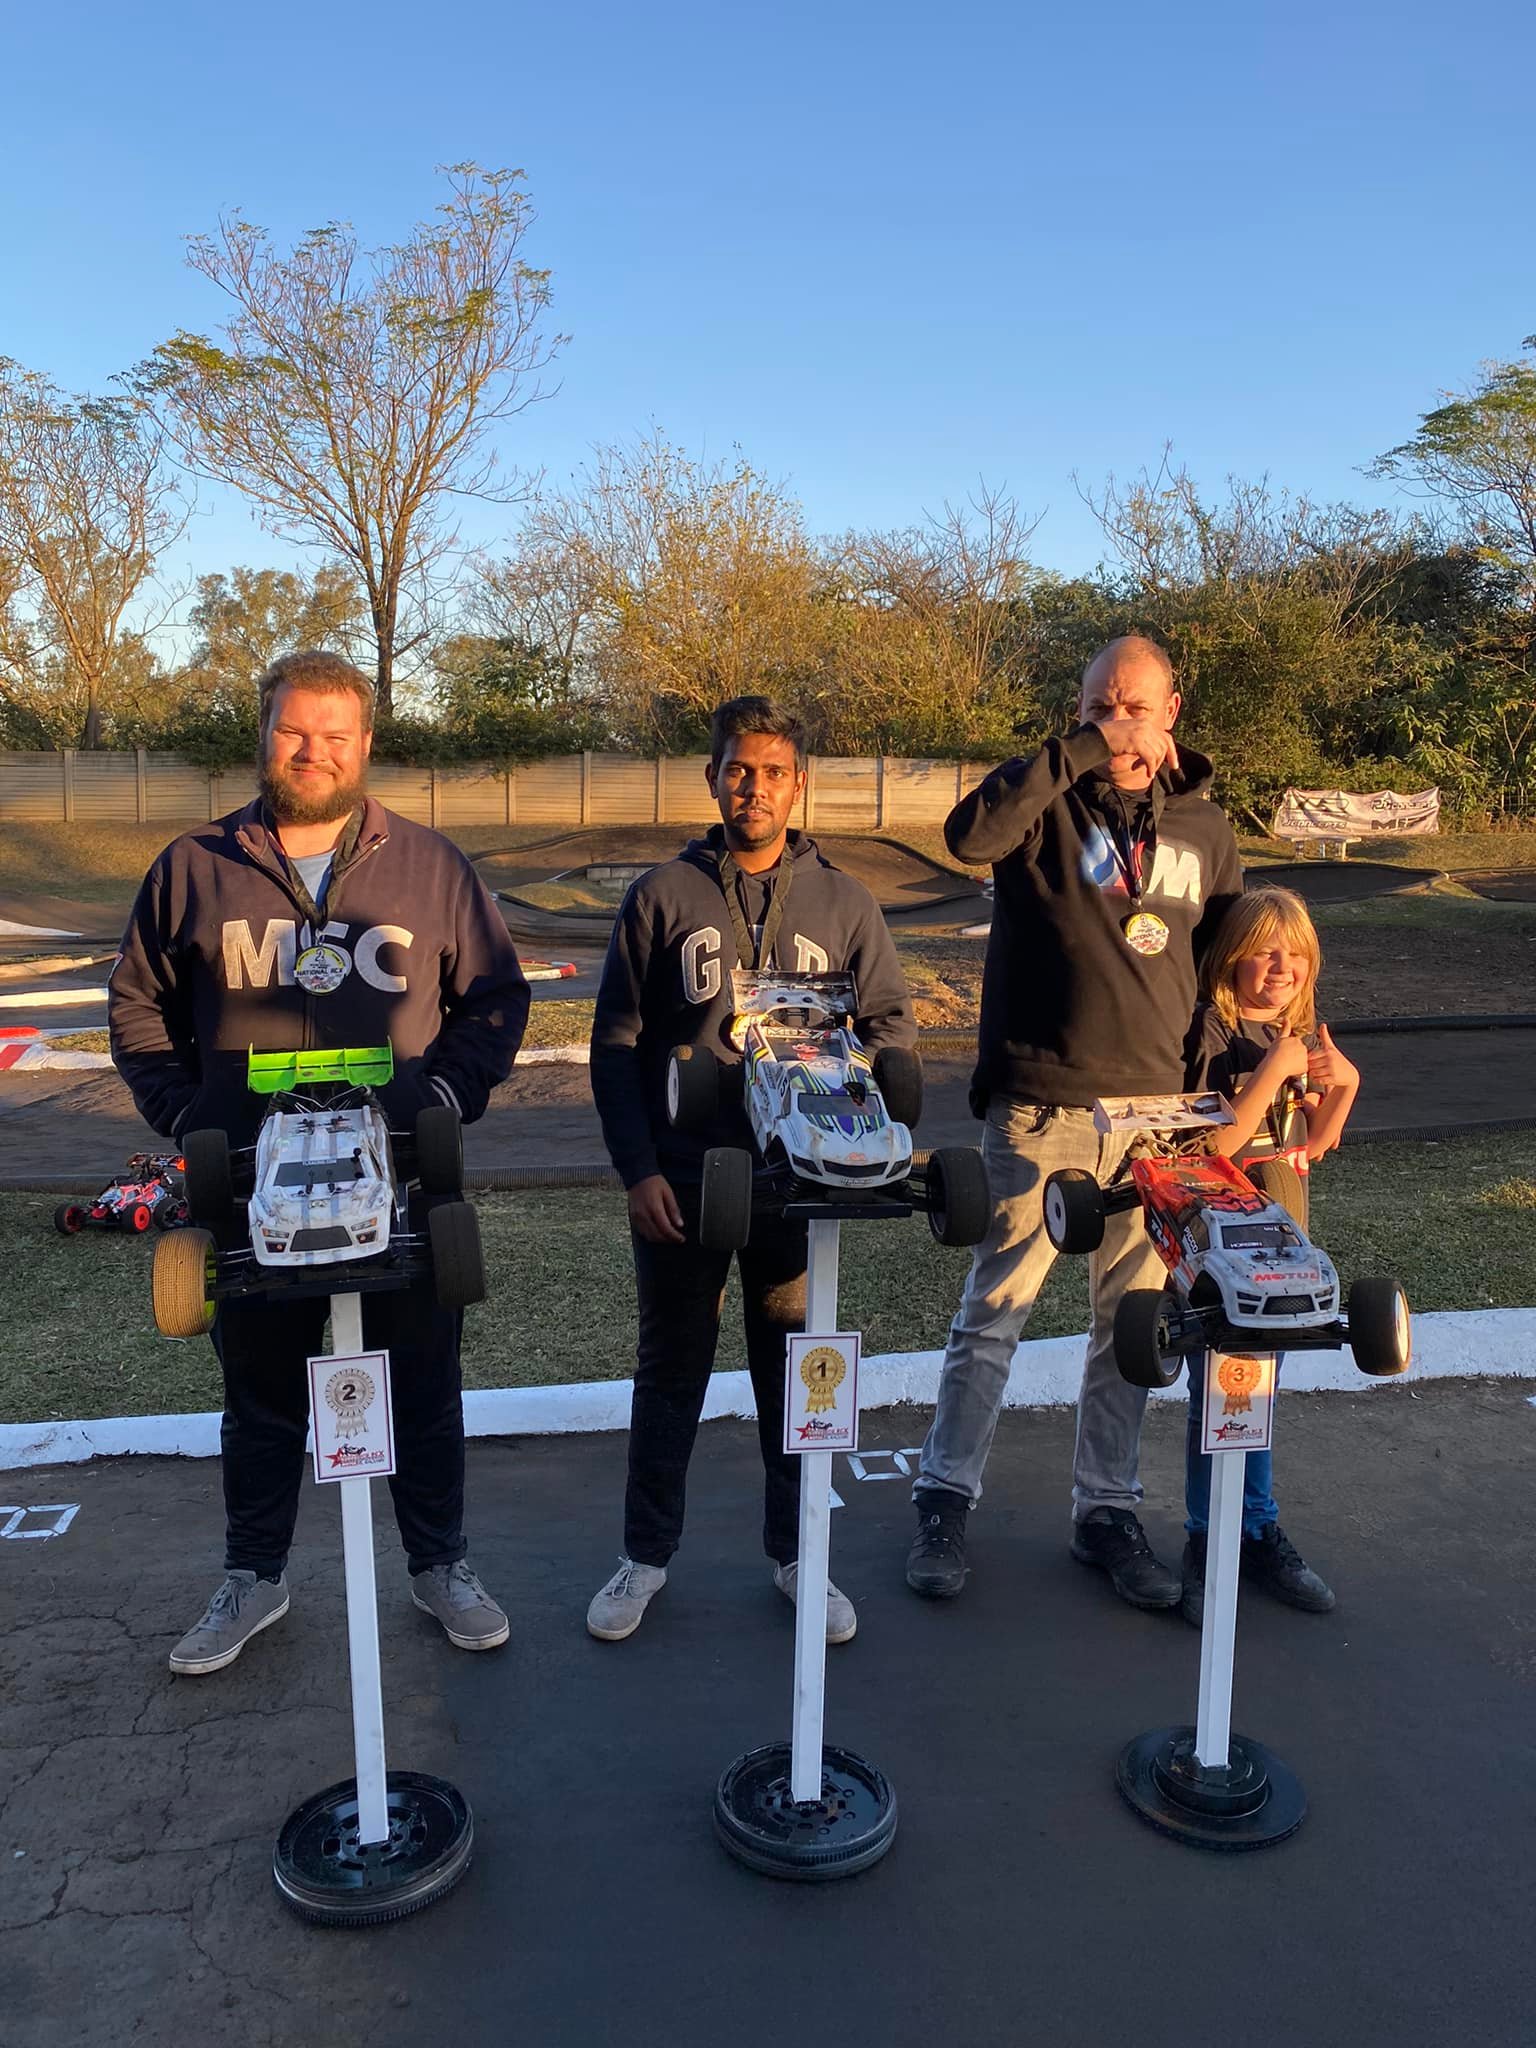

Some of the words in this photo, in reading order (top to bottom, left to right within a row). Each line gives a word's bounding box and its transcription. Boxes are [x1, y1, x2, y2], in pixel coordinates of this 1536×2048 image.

[297, 968, 329, 976] NATIONAL
[1183, 1225, 1199, 1254] PICCO
[1253, 1269, 1320, 1282] MOTUL
[816, 1361, 827, 1378] 1
[1233, 1367, 1245, 1382] 3
[342, 1384, 357, 1401] 2
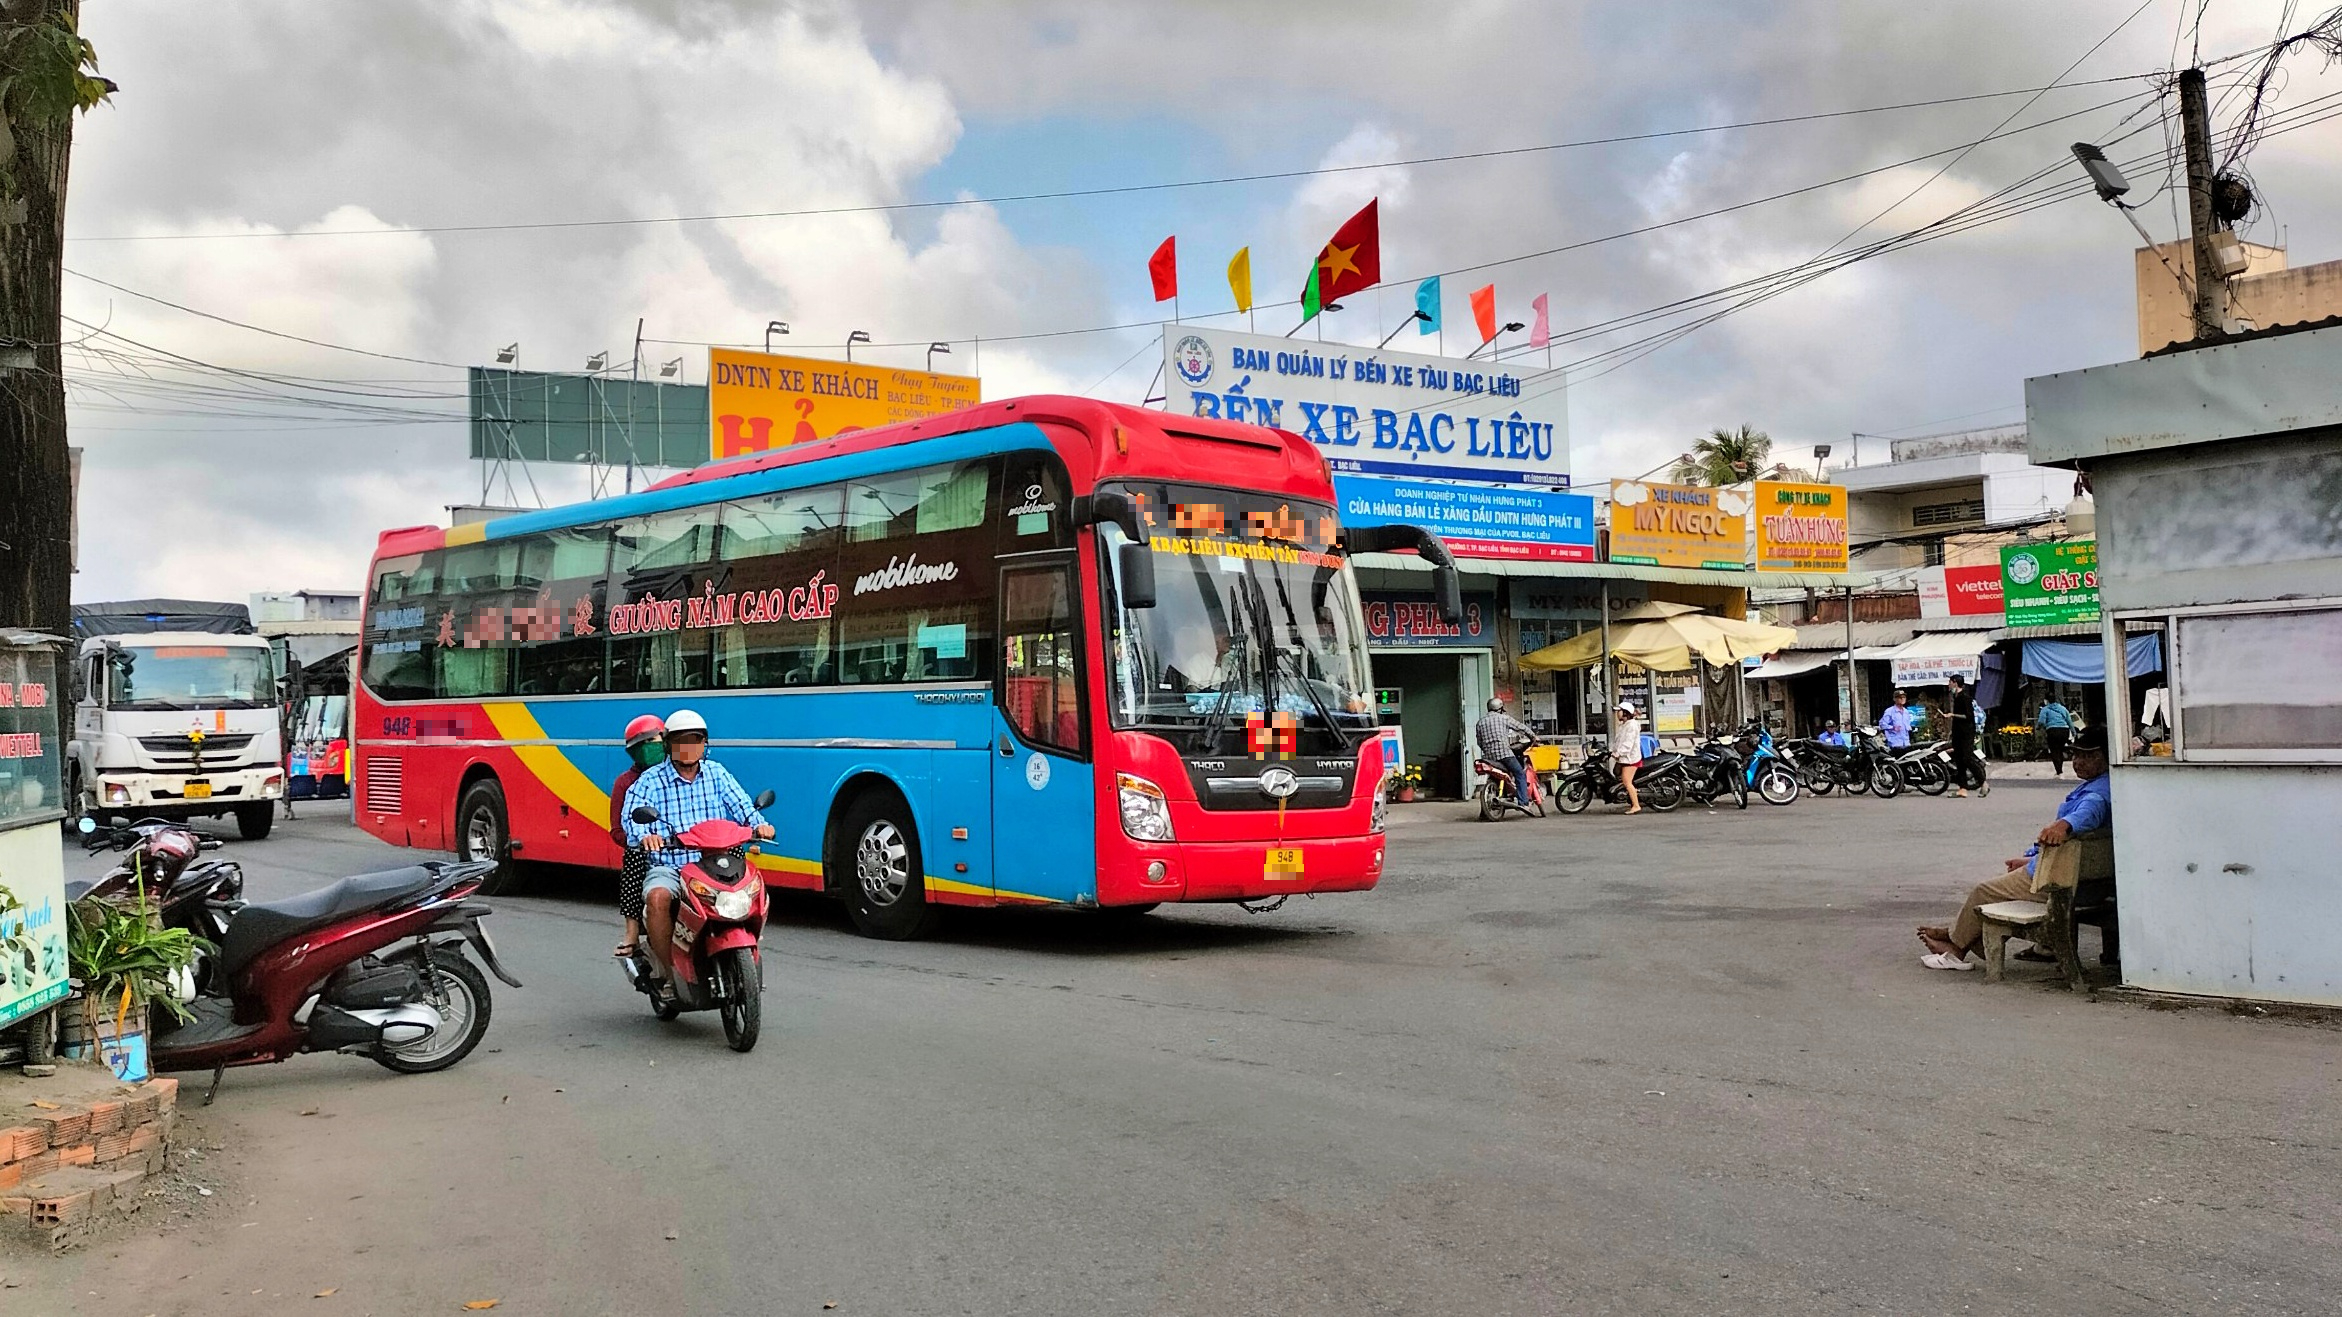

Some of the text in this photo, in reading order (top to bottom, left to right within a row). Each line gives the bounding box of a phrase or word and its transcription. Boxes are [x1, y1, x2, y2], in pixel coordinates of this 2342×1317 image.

[716, 362, 879, 400] DNTN XE KHÁCH
[891, 371, 923, 390] Chạy
[1232, 347, 1520, 397] BAN QUẢN LÝ BẾN XE TÀU BẠC LIÊU
[1191, 374, 1554, 461] BẾN XE BẠC LIÊU
[1395, 488, 1423, 499] DOANH
[1425, 490, 1455, 503] NGHIỆP
[1516, 496, 1535, 508] PHÁT
[1537, 499, 1543, 508] 3
[1653, 488, 1668, 502] XE
[1008, 500, 1056, 517] mobihome
[1348, 496, 1371, 515] CỬA
[1373, 499, 1402, 518] HÀNG
[1404, 502, 1426, 519] BÁN
[1428, 502, 1441, 520] LẺ
[1442, 505, 1470, 522] XĂNG
[1495, 511, 1520, 526] DNTN
[1549, 513, 1573, 529] PHÁT
[1634, 505, 1670, 532] MỸ
[1670, 508, 1728, 542] NGỌC
[1190, 536, 1222, 556] LIÊU
[1276, 545, 1299, 564] TÂY
[853, 553, 959, 597] mobihome
[1955, 579, 2004, 593] viettel
[2041, 568, 2082, 594] GIẶT
[608, 591, 682, 635] GIƯỜNG
[738, 588, 784, 624] CAO
[787, 569, 840, 621] CẤP
[1467, 603, 1481, 637] 3
[21, 683, 46, 708] MOBI
[1191, 761, 1225, 771] THACO
[1316, 760, 1354, 770] HYUNDAI
[1277, 851, 1294, 863] 94B
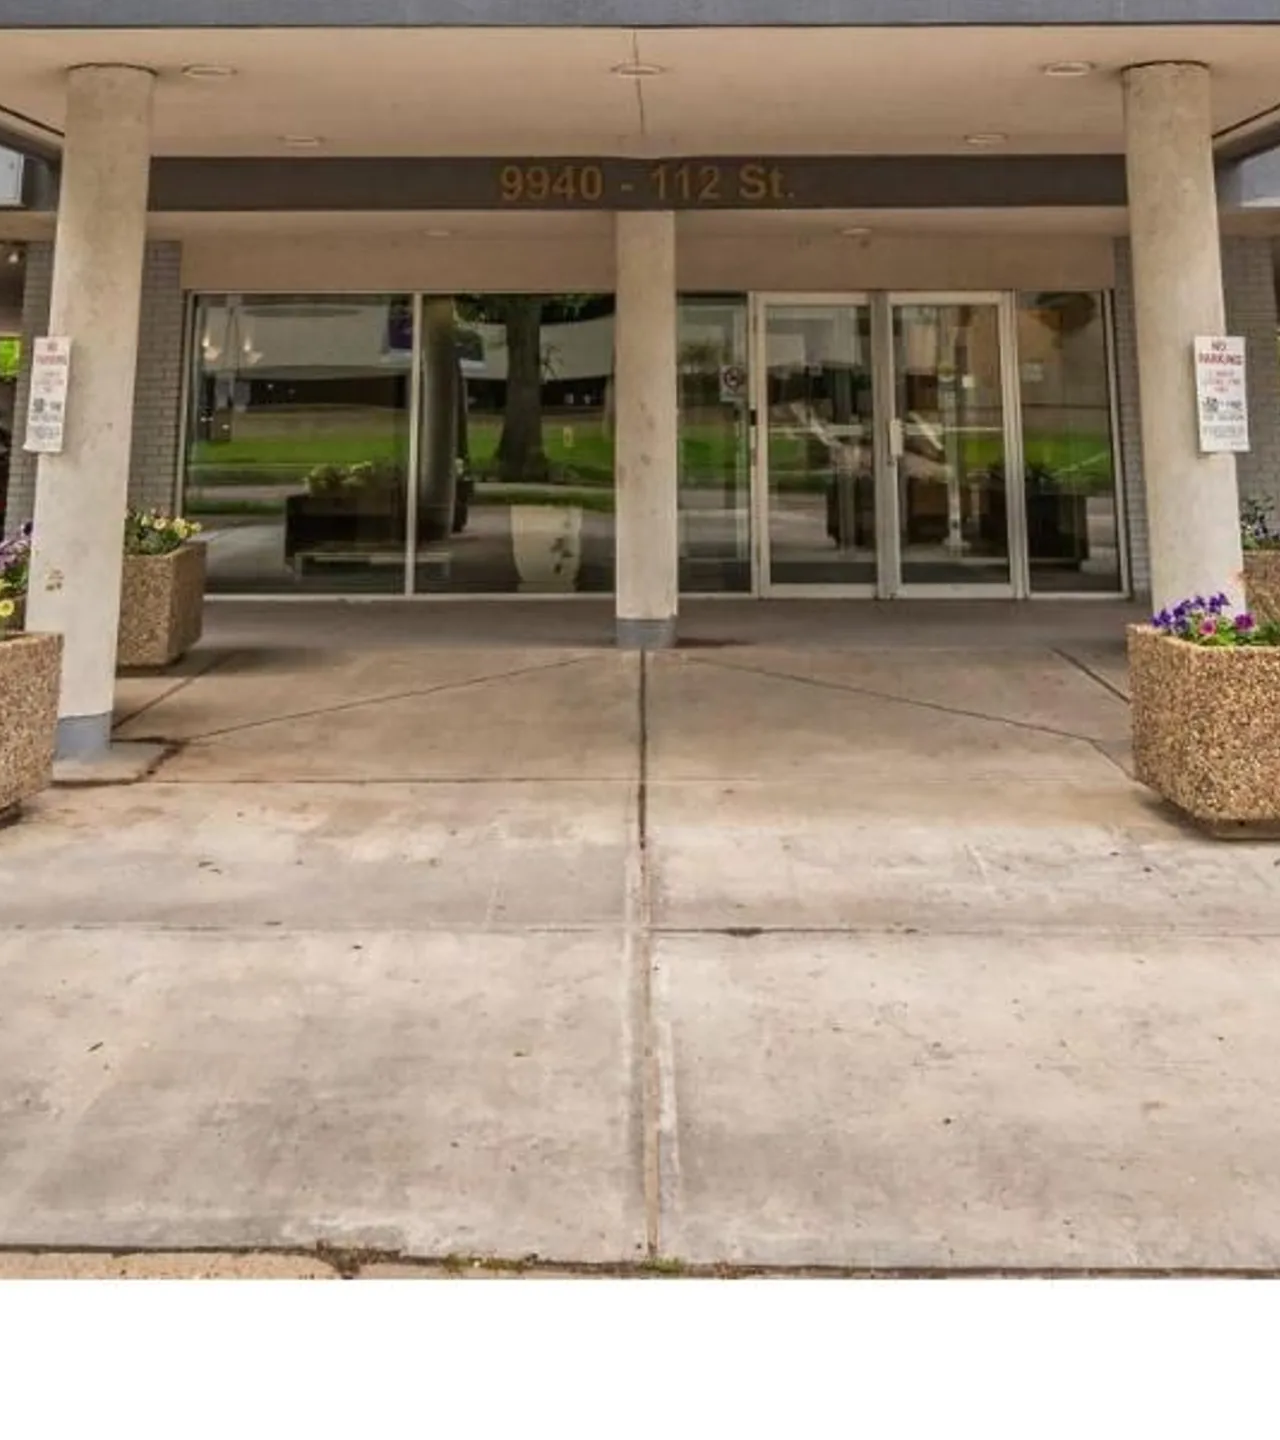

★ ★ ★ ★ ★

— What the exercise asks —
Please give back the data above word for word, with no pictures included.

— Solution —
Some of the words in this photo, in reading order (top to bottom, left to right within a row). Each line gives a word's bounding box and its transcription. Boxes are [x1, y1, x2, y2], in pixel coordinates of this 1536×2048 image.

[297, 968, 329, 976] NATIONAL
[1183, 1225, 1199, 1254] PICCO
[1253, 1269, 1320, 1282] MOTUL
[816, 1361, 827, 1378] 1
[1233, 1367, 1245, 1382] 3
[342, 1384, 357, 1401] 2

Some of the text in this photo, in reading order (top to bottom, left to right within a row). Each line gives the bounding box of a phrase or word and its transcription. Boxes are [x1, y1, x2, y2], in pixel coordinates of this 2342×1317 image.

[716, 362, 879, 400] DNTN XE KHÁCH
[891, 371, 923, 390] Chạy
[1232, 347, 1520, 397] BAN QUẢN LÝ BẾN XE TÀU BẠC LIÊU
[1191, 374, 1554, 461] BẾN XE BẠC LIÊU
[1395, 488, 1423, 499] DOANH
[1425, 490, 1455, 503] NGHIỆP
[1516, 496, 1535, 508] PHÁT
[1537, 499, 1543, 508] 3
[1653, 488, 1668, 502] XE
[1008, 500, 1056, 517] mobihome
[1348, 496, 1371, 515] CỬA
[1373, 499, 1402, 518] HÀNG
[1404, 502, 1426, 519] BÁN
[1428, 502, 1441, 520] LẺ
[1442, 505, 1470, 522] XĂNG
[1495, 511, 1520, 526] DNTN
[1549, 513, 1573, 529] PHÁT
[1634, 505, 1670, 532] MỸ
[1670, 508, 1728, 542] NGỌC
[1190, 536, 1222, 556] LIÊU
[1276, 545, 1299, 564] TÂY
[853, 553, 959, 597] mobihome
[1955, 579, 2004, 593] viettel
[2041, 568, 2082, 594] GIẶT
[608, 591, 682, 635] GIƯỜNG
[738, 588, 784, 624] CAO
[787, 569, 840, 621] CẤP
[1467, 603, 1481, 637] 3
[21, 683, 46, 708] MOBI
[1191, 761, 1225, 771] THACO
[1316, 760, 1354, 770] HYUNDAI
[1277, 851, 1294, 863] 94B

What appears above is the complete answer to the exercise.